*** INFORMATION SHOWN ***

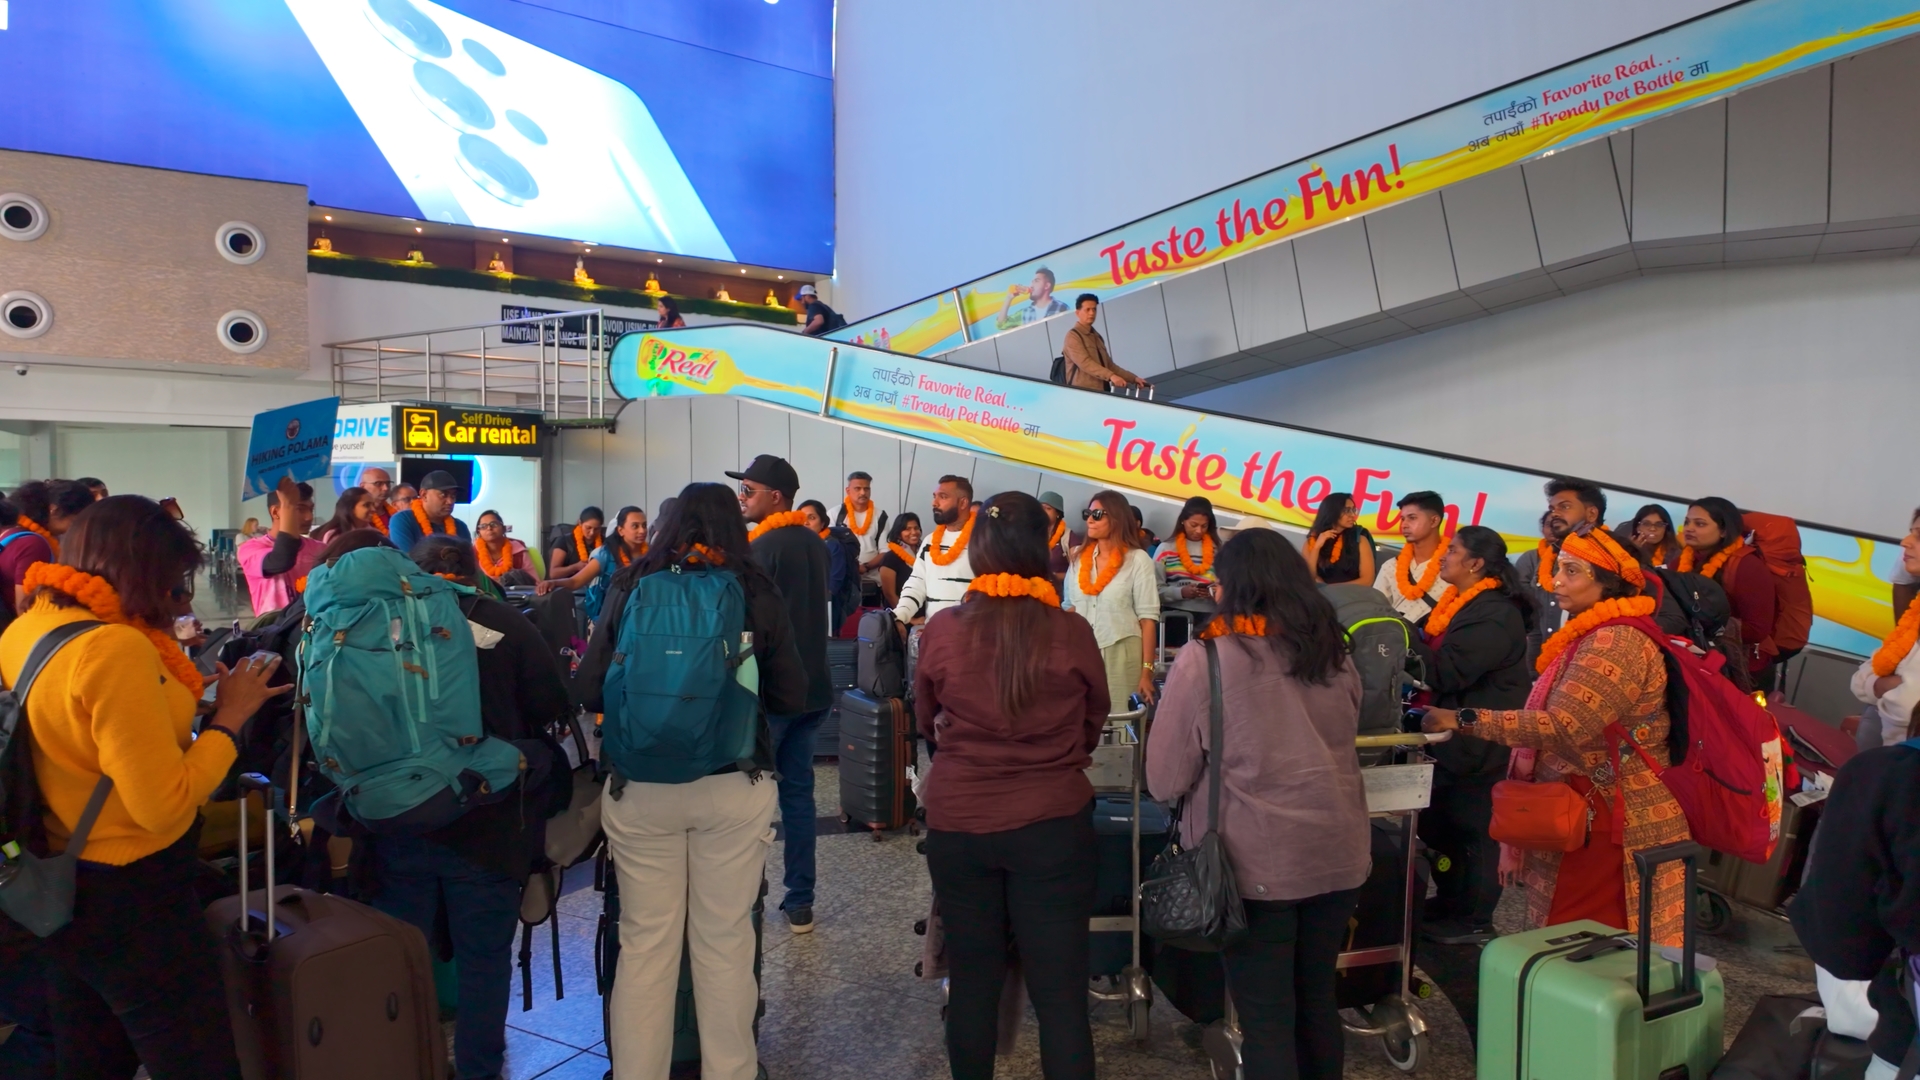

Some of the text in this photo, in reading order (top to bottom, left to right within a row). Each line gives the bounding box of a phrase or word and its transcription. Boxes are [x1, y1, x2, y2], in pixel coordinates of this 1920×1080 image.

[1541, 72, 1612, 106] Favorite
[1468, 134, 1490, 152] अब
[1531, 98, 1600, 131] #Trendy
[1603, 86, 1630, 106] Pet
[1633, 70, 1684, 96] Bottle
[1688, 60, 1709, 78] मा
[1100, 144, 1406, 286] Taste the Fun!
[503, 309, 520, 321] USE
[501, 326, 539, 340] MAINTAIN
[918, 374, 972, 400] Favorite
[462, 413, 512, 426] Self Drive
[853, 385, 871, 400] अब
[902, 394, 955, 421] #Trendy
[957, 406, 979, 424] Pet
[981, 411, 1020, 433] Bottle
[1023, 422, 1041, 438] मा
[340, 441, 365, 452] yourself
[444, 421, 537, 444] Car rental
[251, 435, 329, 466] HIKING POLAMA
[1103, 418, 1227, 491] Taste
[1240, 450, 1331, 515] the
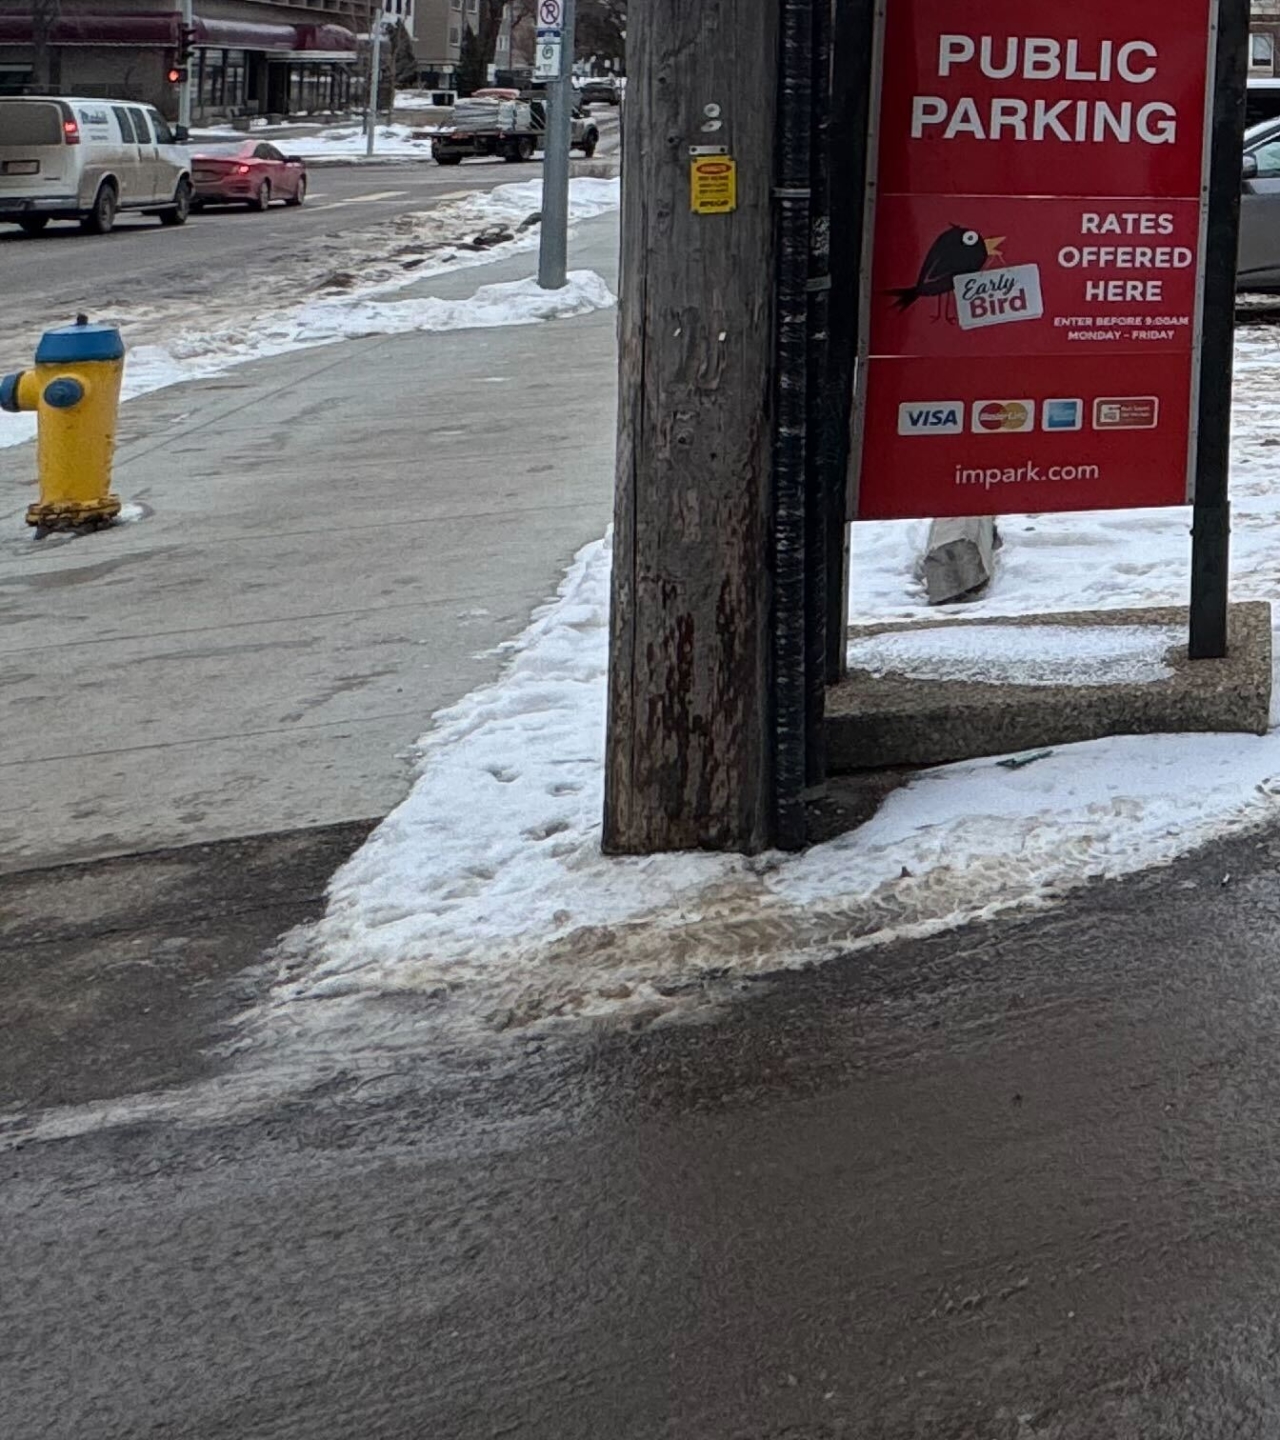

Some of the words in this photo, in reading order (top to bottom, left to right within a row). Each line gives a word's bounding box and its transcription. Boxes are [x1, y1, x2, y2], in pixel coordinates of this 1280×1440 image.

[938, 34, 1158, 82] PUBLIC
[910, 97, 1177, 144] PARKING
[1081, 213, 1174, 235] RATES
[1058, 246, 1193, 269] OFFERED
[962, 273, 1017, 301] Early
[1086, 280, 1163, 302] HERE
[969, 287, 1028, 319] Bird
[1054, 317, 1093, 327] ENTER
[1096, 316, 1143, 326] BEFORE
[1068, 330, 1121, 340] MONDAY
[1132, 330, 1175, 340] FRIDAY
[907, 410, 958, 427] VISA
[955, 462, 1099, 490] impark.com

*** End of INFORMATION SHOWN ***

### ASSIGNMENT:
Go through the listing above and retype each line exactly, apart from the pictures.

### ANSWER:
Some of the text in this photo, in reading order (top to bottom, left to right within a row). Each line gives the bounding box of a phrase or word and its transcription. Boxes are [x1, y1, x2, y2], in pixel coordinates of this 1920×1080 image.

[1541, 72, 1612, 106] Favorite
[1468, 134, 1490, 152] अब
[1531, 98, 1600, 131] #Trendy
[1603, 86, 1630, 106] Pet
[1633, 70, 1684, 96] Bottle
[1688, 60, 1709, 78] मा
[1100, 144, 1406, 286] Taste the Fun!
[503, 309, 520, 321] USE
[501, 326, 539, 340] MAINTAIN
[918, 374, 972, 400] Favorite
[462, 413, 512, 426] Self Drive
[853, 385, 871, 400] अब
[902, 394, 955, 421] #Trendy
[957, 406, 979, 424] Pet
[981, 411, 1020, 433] Bottle
[1023, 422, 1041, 438] मा
[340, 441, 365, 452] yourself
[444, 421, 537, 444] Car rental
[251, 435, 329, 466] HIKING POLAMA
[1103, 418, 1227, 491] Taste
[1240, 450, 1331, 515] the

Some of the words in this photo, in reading order (top to bottom, left to right within a row). Each line gives a word's bounding box and its transcription. Boxes are [x1, y1, x2, y2], in pixel coordinates of this 1280×1440 image.

[938, 34, 1158, 82] PUBLIC
[910, 97, 1177, 144] PARKING
[1081, 213, 1174, 235] RATES
[1058, 246, 1193, 269] OFFERED
[962, 273, 1017, 301] Early
[1086, 280, 1163, 302] HERE
[969, 287, 1028, 319] Bird
[1054, 317, 1093, 327] ENTER
[1096, 316, 1143, 326] BEFORE
[1068, 330, 1121, 340] MONDAY
[1132, 330, 1175, 340] FRIDAY
[907, 410, 958, 427] VISA
[955, 462, 1099, 490] impark.com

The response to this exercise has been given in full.